22 Aug, 2023
Cambridge-based Arm, a company specializing in chip design for a wide range of devices including smartphones and game consoles, has filed a registration statement for an initial public offering (IPO) on New York's Nasdaq stock exchange, set to take place in September. While the exact number of shares and their pricing remain undisclosed, the anticipated IPO could mark one of the largest listings since late 2021. Arm's decision to list in the US comes after it chose not to go public in London, dealing a setback to the UK. The company aims for a valuation between $60 billion (£47 billion) and $70 billion.
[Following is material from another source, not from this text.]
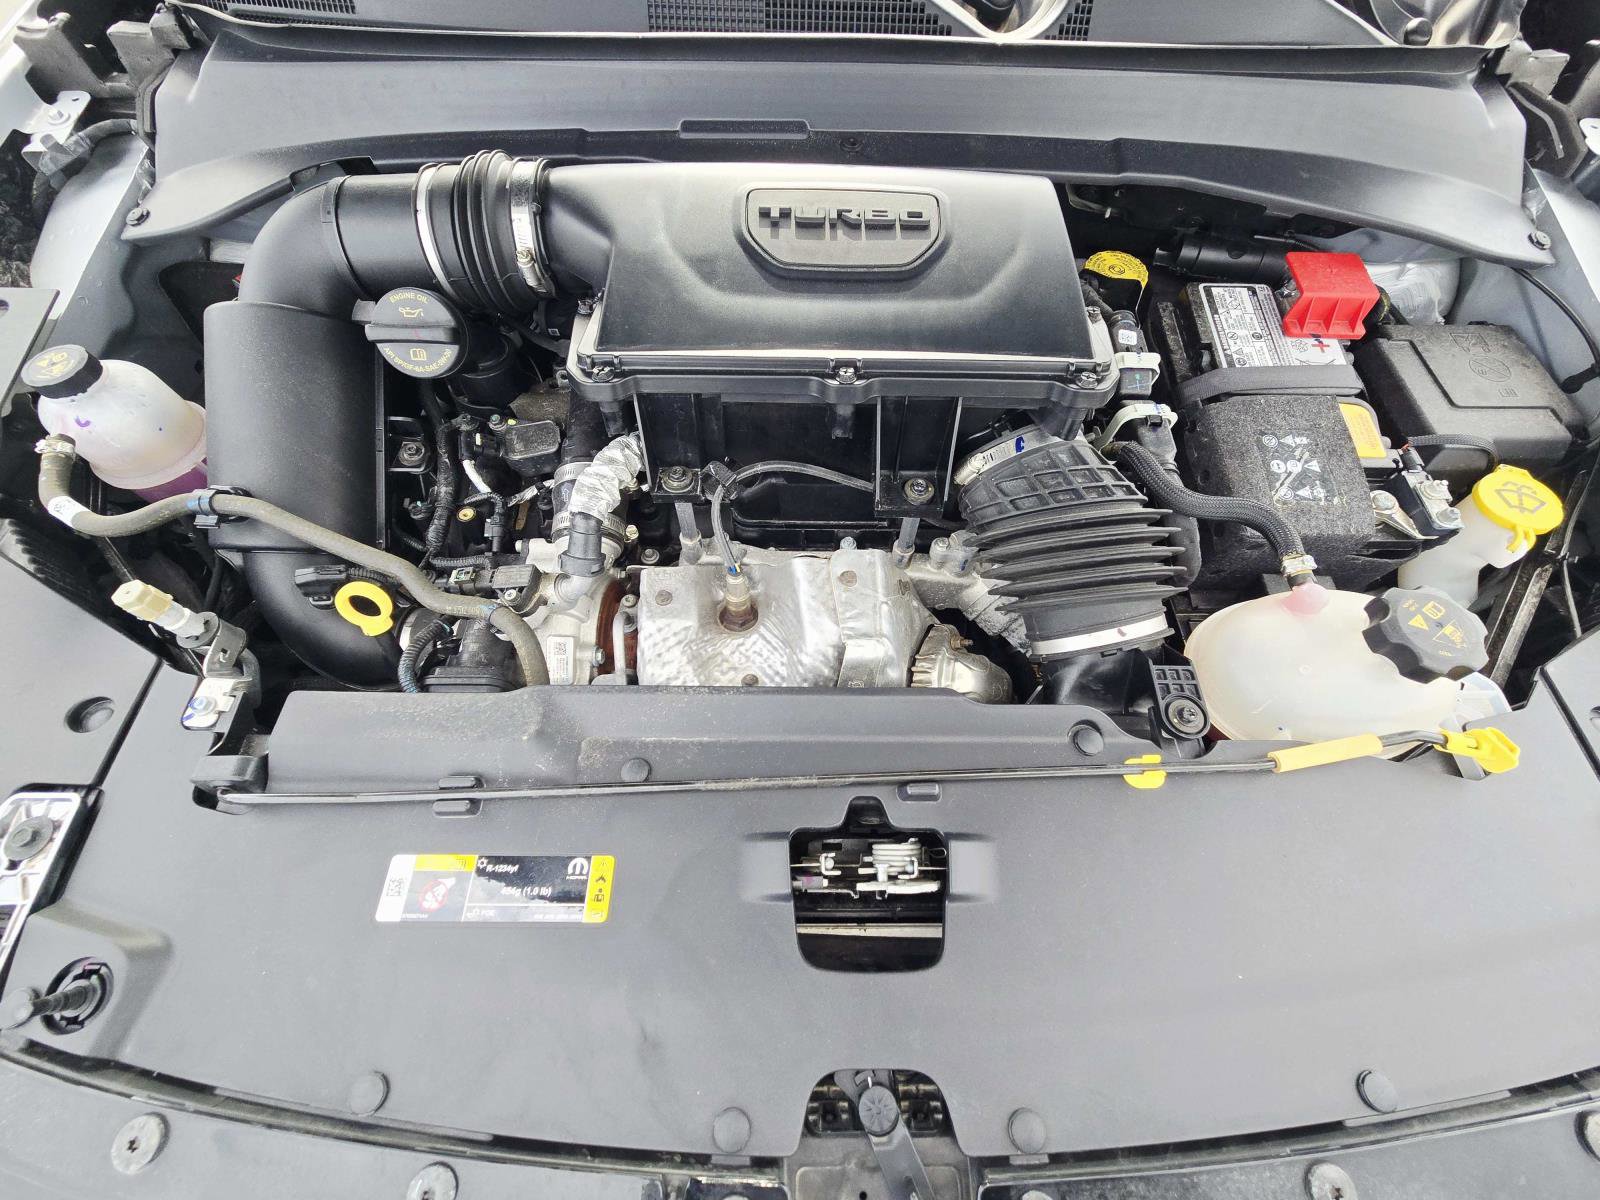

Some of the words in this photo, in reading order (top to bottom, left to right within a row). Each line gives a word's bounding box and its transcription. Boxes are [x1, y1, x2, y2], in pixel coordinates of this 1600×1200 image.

Acquired by Japanese conglomerate Softbank in 2016 for £23.4 billion, Arm's chip designs are integral to companies like Apple, Samsung, and Taiwan Semiconductor Manufacturing Company. The IPO move signifies Arm's transformation from a private entity to a publicly traded one, allowing investors to buy and sell its shares on specified exchanges. The Nasdaq listing is expected to raise around $8 billion to $10 billion, joining the ranks of tech giants such as Google, Apple, and Facebook.
Although founded in 1990 and often referred to as the UK's technological gem, Arm declined Prime Minister Rishi Sunak's suggestion of a London Stock Exchange listing in favor of the US, citing it as the optimal path forward. This decision prompted discussions about the UK's attractiveness to tech IPOs in comparison to the US, known for higher profiles and valuations. Notably, Arm's CEO, Rene Haas, emphasized that the company will maintain its significant intellectual property, headquarters, and operations in the UK.
Despite challenging conditions in global financial markets due to factors such as Russia's invasion of Ukraine and the Covid pandemic, Softbank is pushing ahead with the multi-billion dollar IPO. The semiconductor industry, after grappling with supply shortages during the pandemic, has faced reduced demand, contributing to Arm's sales decrease to $2.68 billion in the year ending March 31. Moreover, sales for the three months ending June 30 experienced a 2.5% decline to $675 million.